Content starts

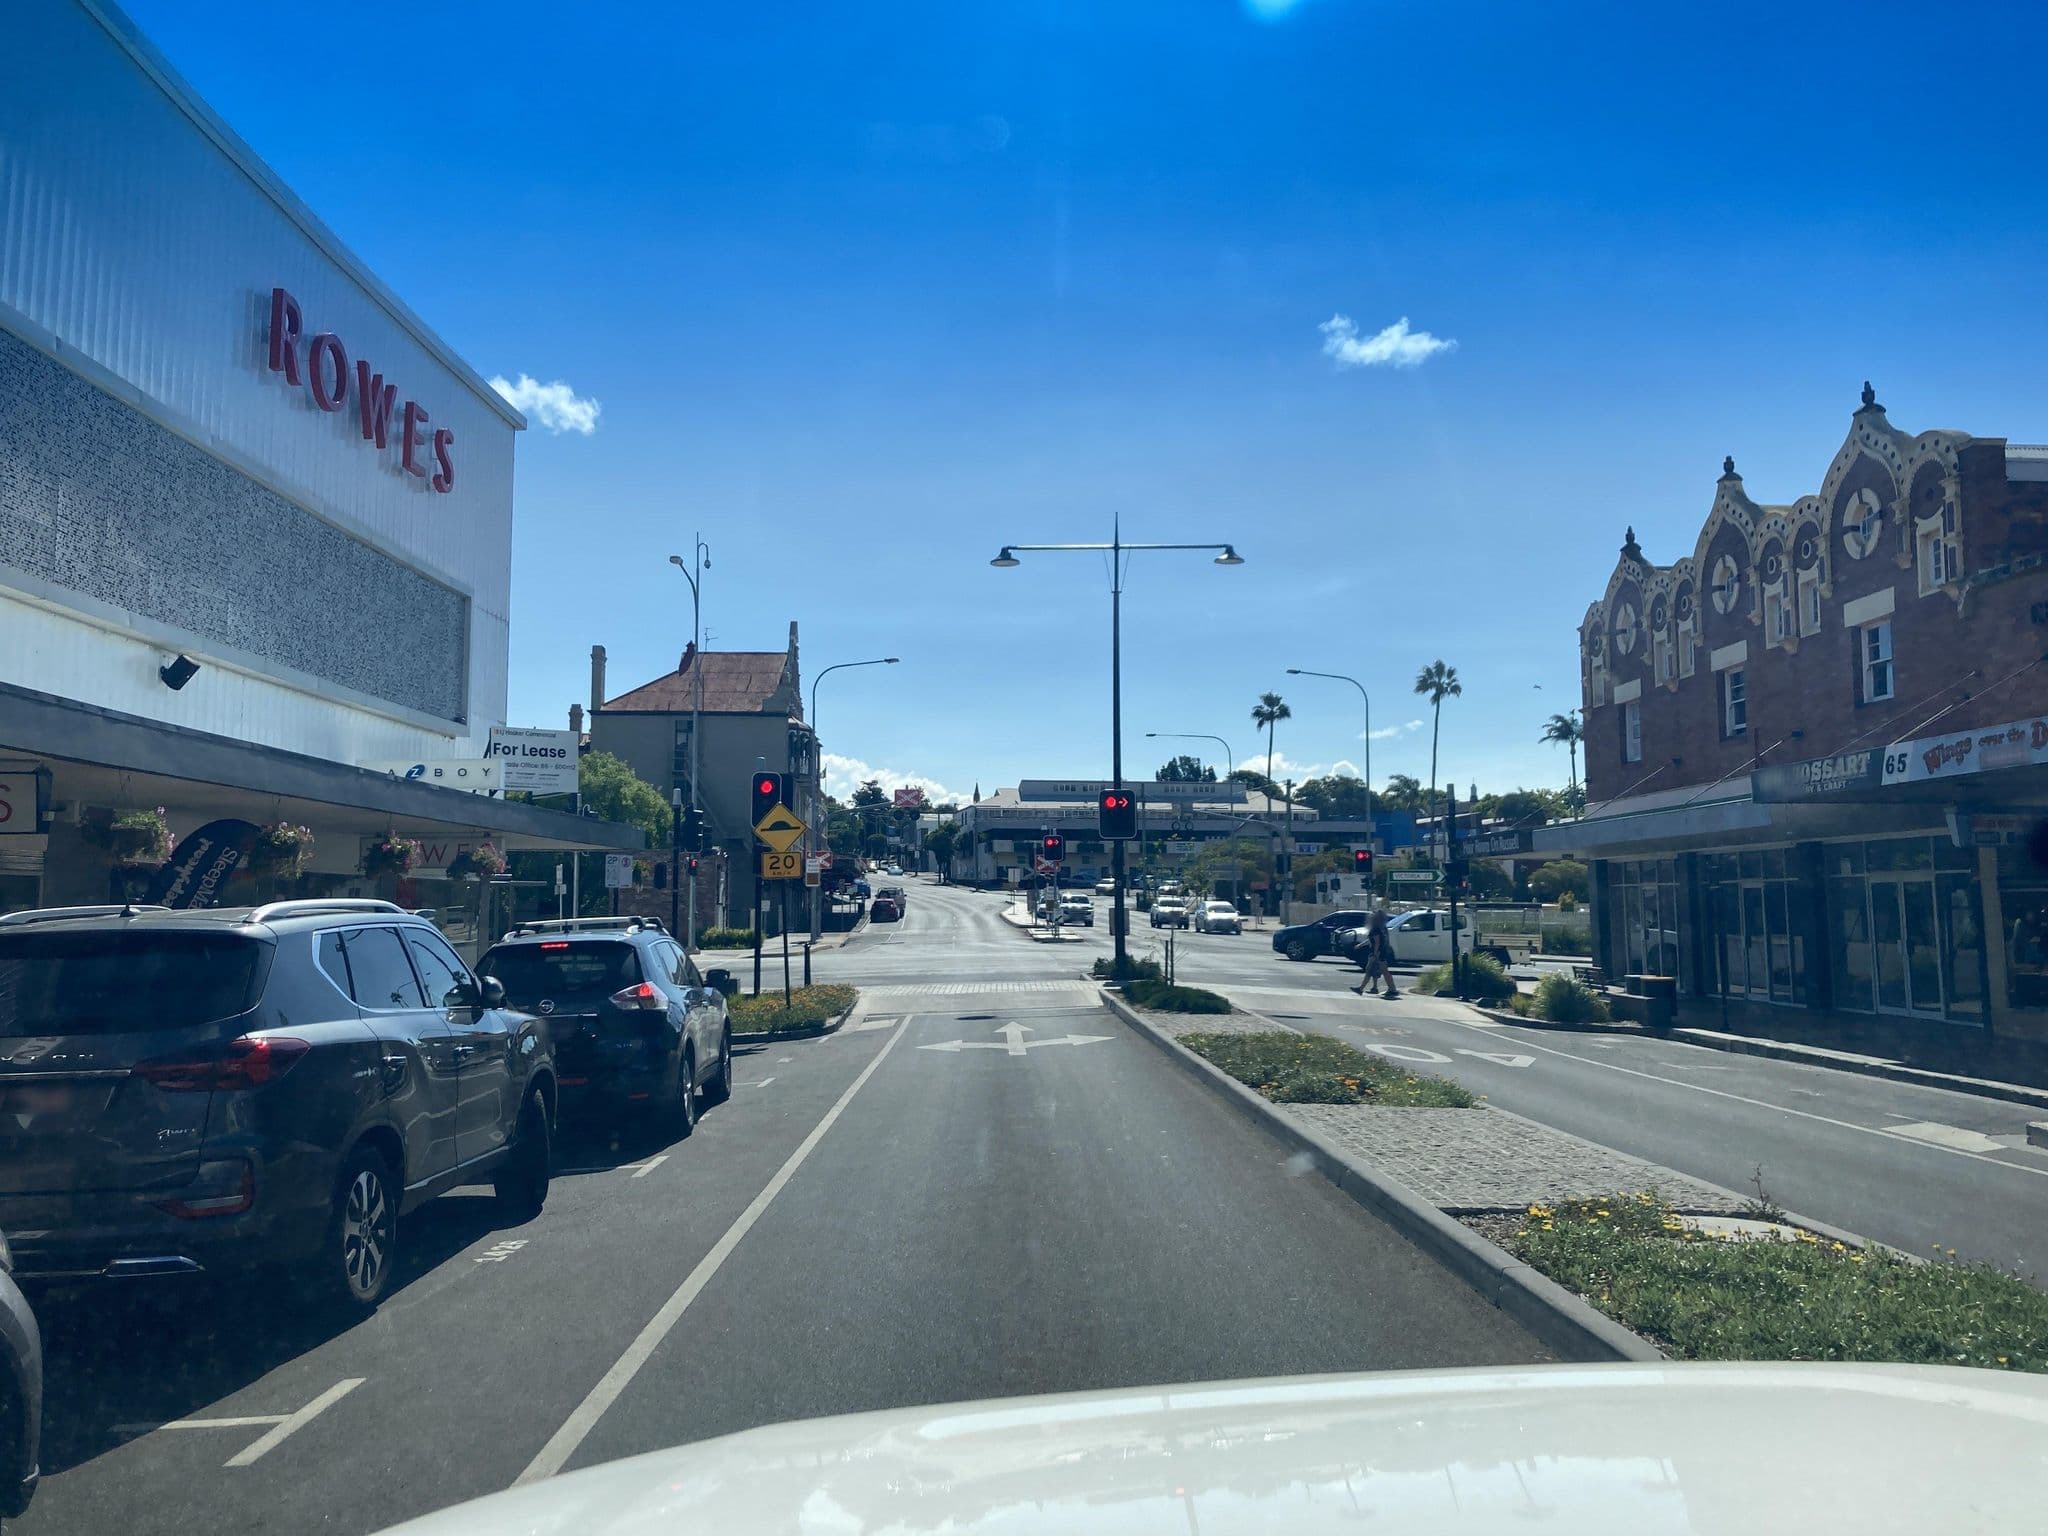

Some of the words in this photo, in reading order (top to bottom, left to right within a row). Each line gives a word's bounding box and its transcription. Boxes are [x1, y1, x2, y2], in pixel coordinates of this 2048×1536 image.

[268, 287, 454, 493] ROWES
[493, 742, 518, 756] For
[521, 744, 566, 758] Lease
[1922, 737, 1972, 775] Wings
[2031, 721, 2048, 749] D
[1886, 752, 1908, 774] 65
[769, 855, 795, 869] 20
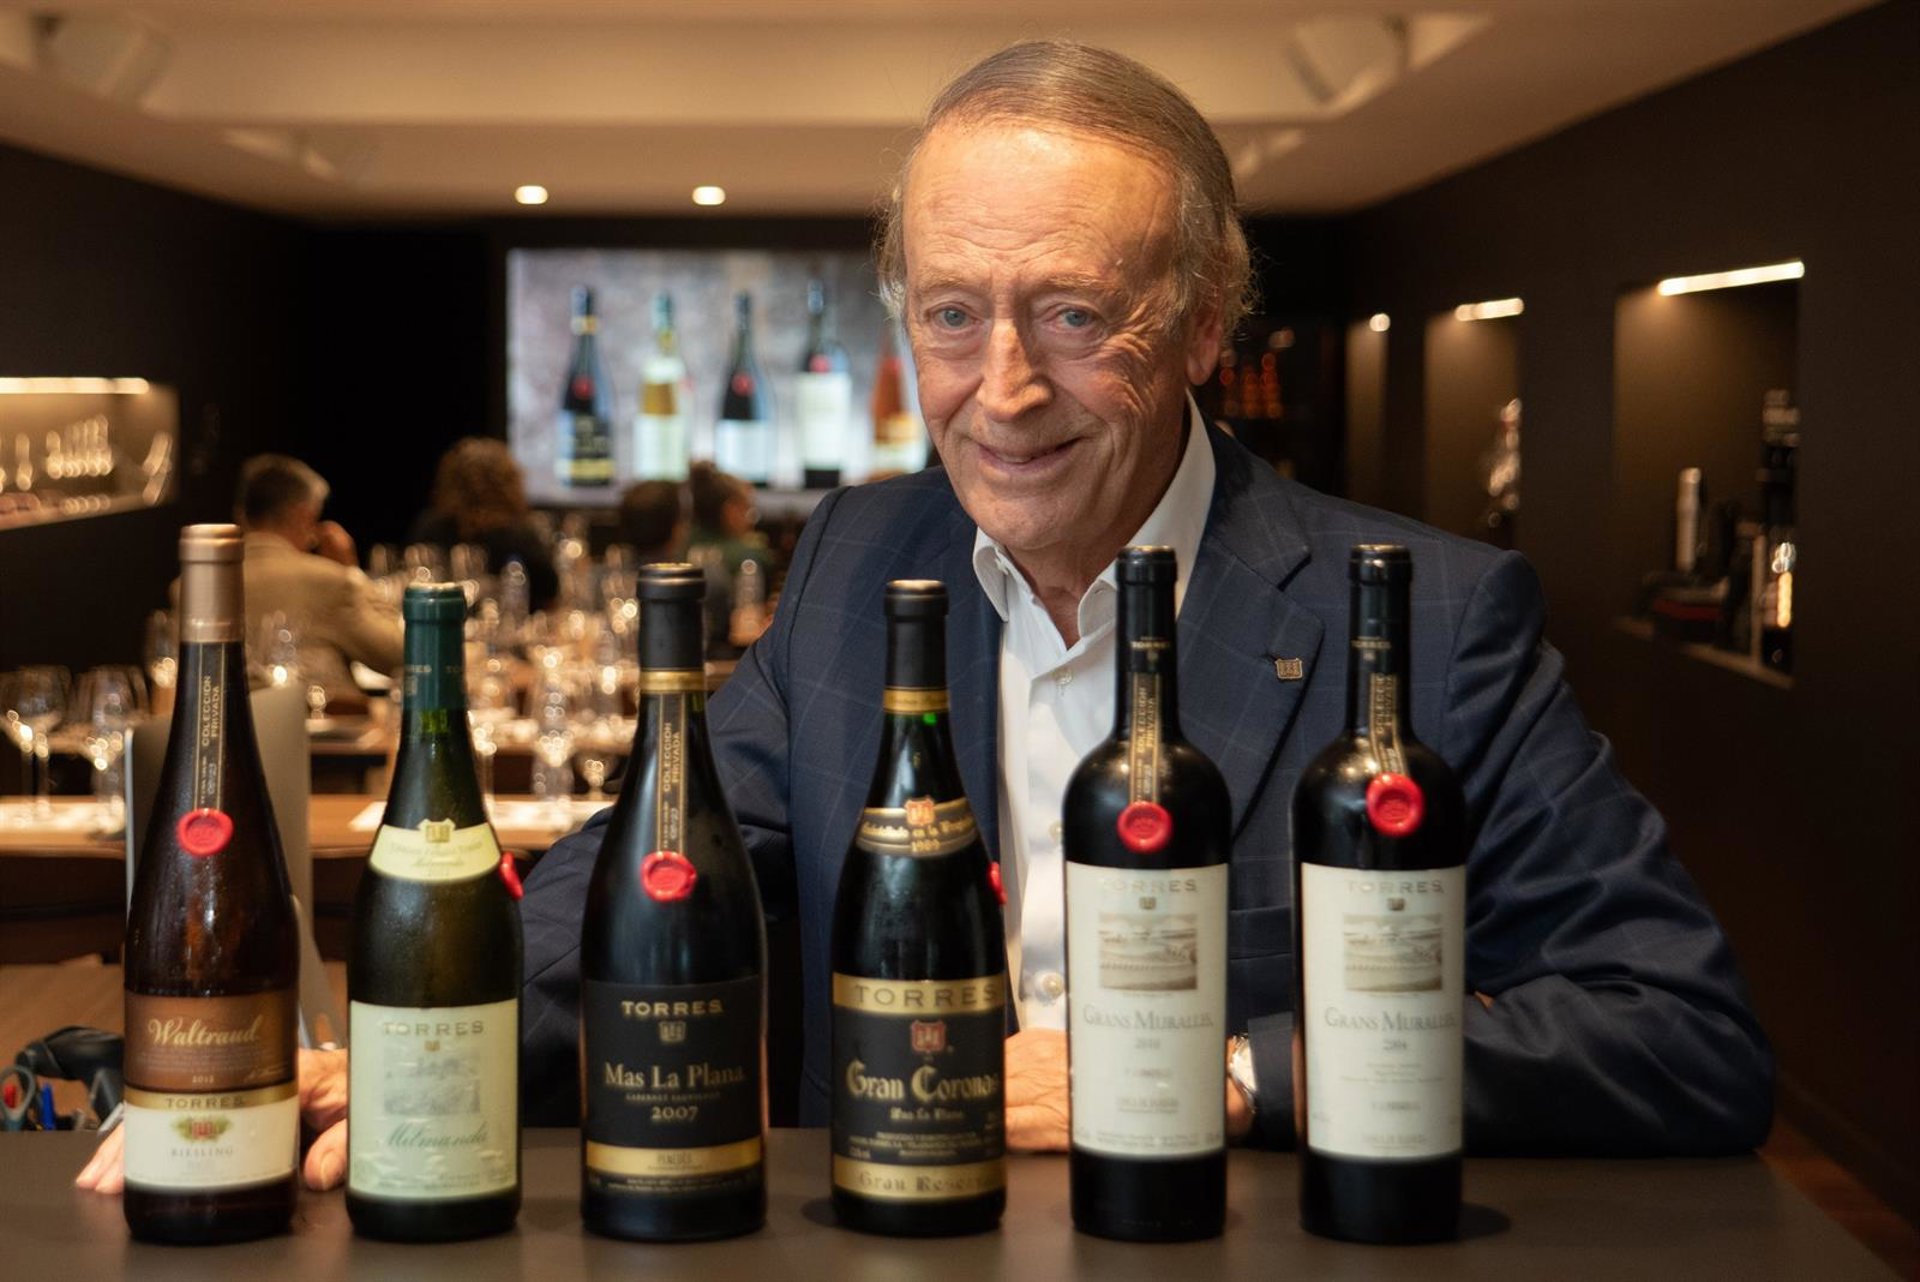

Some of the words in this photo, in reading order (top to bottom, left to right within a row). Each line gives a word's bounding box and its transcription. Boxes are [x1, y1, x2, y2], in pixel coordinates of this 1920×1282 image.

[202, 675, 213, 748] COLECCION
[211, 686, 220, 739] PRIVADA
[663, 721, 673, 793] COLECCION
[672, 731, 681, 784] PRIVADA
[1347, 880, 1445, 894] TORRES
[622, 999, 724, 1017] TORRES
[855, 984, 998, 1008] TORRES
[148, 1014, 261, 1047] Waltraud
[383, 1020, 485, 1037] TORRES
[604, 1062, 645, 1087] Mas
[652, 1065, 680, 1088] La
[688, 1062, 745, 1088] Plana
[846, 1059, 905, 1101] Gran
[166, 1096, 245, 1109] TORRES
[651, 1105, 698, 1120] 2007
[171, 1147, 234, 1158] RIESLING

Content ends

TASK DESCRIPTION ->
Please retype the listing exactly, leaving out any images.

SOLUTION FOR THIS EXERCISE ->
Some of the words in this photo, in reading order (top to bottom, left to right within a row). Each line gives a word's bounding box and its transcription. Boxes are [x1, y1, x2, y2], in pixel coordinates of this 2048×1536 image.

[268, 287, 454, 493] ROWES
[493, 742, 518, 756] For
[521, 744, 566, 758] Lease
[1922, 737, 1972, 775] Wings
[2031, 721, 2048, 749] D
[1886, 752, 1908, 774] 65
[769, 855, 795, 869] 20

Some of the words in this photo, in reading order (top to bottom, left to right within a row). Each line gives a word's bounding box and its transcription. Boxes are [x1, y1, x2, y2], in pixel coordinates of this 1920×1282 image.

[202, 675, 213, 748] COLECCION
[211, 686, 220, 739] PRIVADA
[663, 721, 673, 793] COLECCION
[672, 731, 681, 784] PRIVADA
[1347, 880, 1445, 894] TORRES
[622, 999, 724, 1017] TORRES
[855, 984, 998, 1008] TORRES
[148, 1014, 261, 1047] Waltraud
[383, 1020, 485, 1037] TORRES
[604, 1062, 645, 1087] Mas
[652, 1065, 680, 1088] La
[688, 1062, 745, 1088] Plana
[846, 1059, 905, 1101] Gran
[166, 1096, 245, 1109] TORRES
[651, 1105, 698, 1120] 2007
[171, 1147, 234, 1158] RIESLING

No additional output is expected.